▸ What you will do:
All of the entries need to be printed again exactly; pictures are the only thing to omit.

___

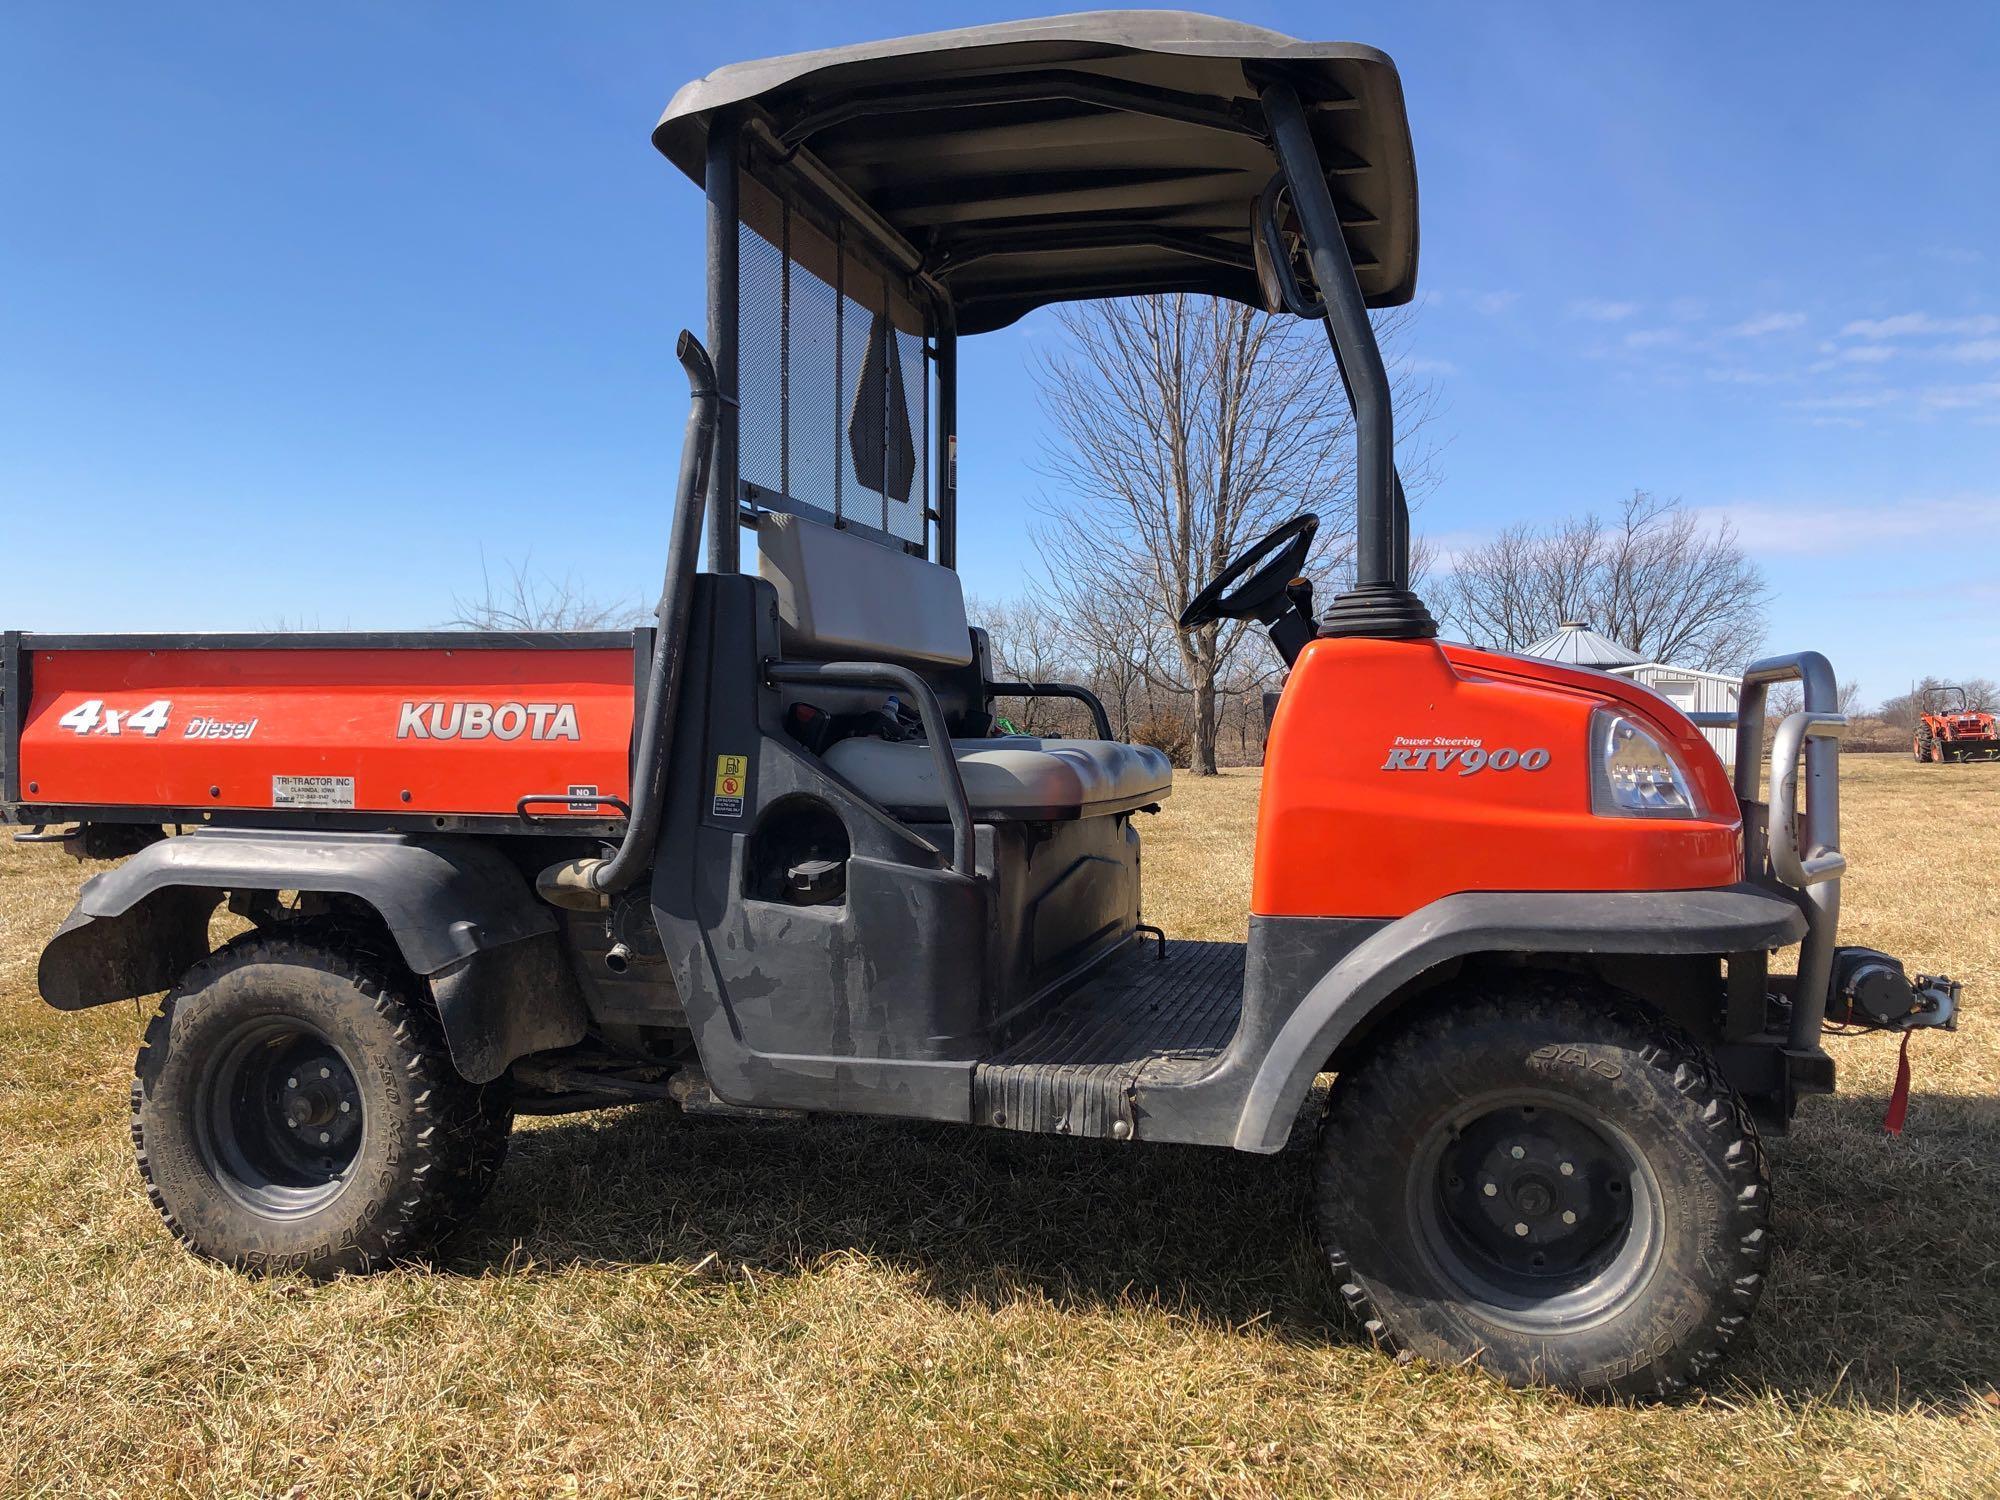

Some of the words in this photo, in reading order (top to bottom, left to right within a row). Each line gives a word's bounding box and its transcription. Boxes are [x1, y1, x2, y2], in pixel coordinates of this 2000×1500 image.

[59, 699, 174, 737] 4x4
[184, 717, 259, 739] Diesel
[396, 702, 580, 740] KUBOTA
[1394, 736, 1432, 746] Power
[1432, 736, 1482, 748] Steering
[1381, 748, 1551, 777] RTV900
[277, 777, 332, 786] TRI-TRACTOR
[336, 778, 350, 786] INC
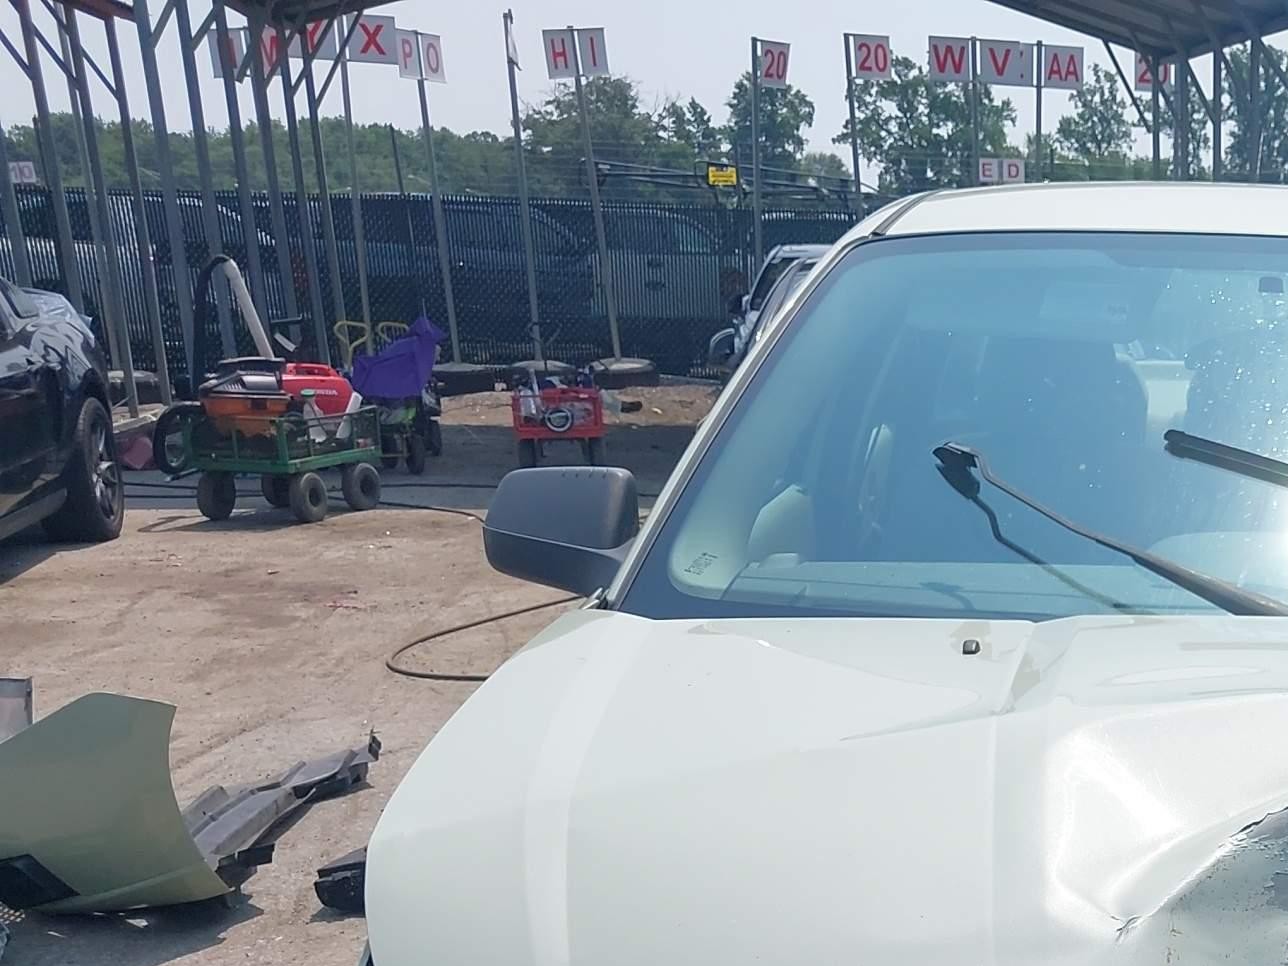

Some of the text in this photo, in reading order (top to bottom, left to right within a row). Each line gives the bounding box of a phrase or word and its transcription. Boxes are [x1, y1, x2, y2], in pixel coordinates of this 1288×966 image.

___

▸ Solved problem:
Some of the words in this photo, in reading order (top to bottom, left to right within a row). Each line gives a word's bounding box and its transcription. Boxes are [x1, y1, x2, y2], in pixel coordinates of this 2000×1500 image.

[59, 699, 174, 737] 4x4
[184, 717, 259, 739] Diesel
[396, 702, 580, 740] KUBOTA
[1394, 736, 1432, 746] Power
[1432, 736, 1482, 748] Steering
[1381, 748, 1551, 777] RTV900
[277, 777, 332, 786] TRI-TRACTOR
[336, 778, 350, 786] INC

Some of the text in this photo, in reading order (top to bottom, left to right within a row). Each line gives the bounding box of a phrase or word and its transcription. Boxes are [x1, y1, x2, y2], in pixel coordinates of this 1288×966 image.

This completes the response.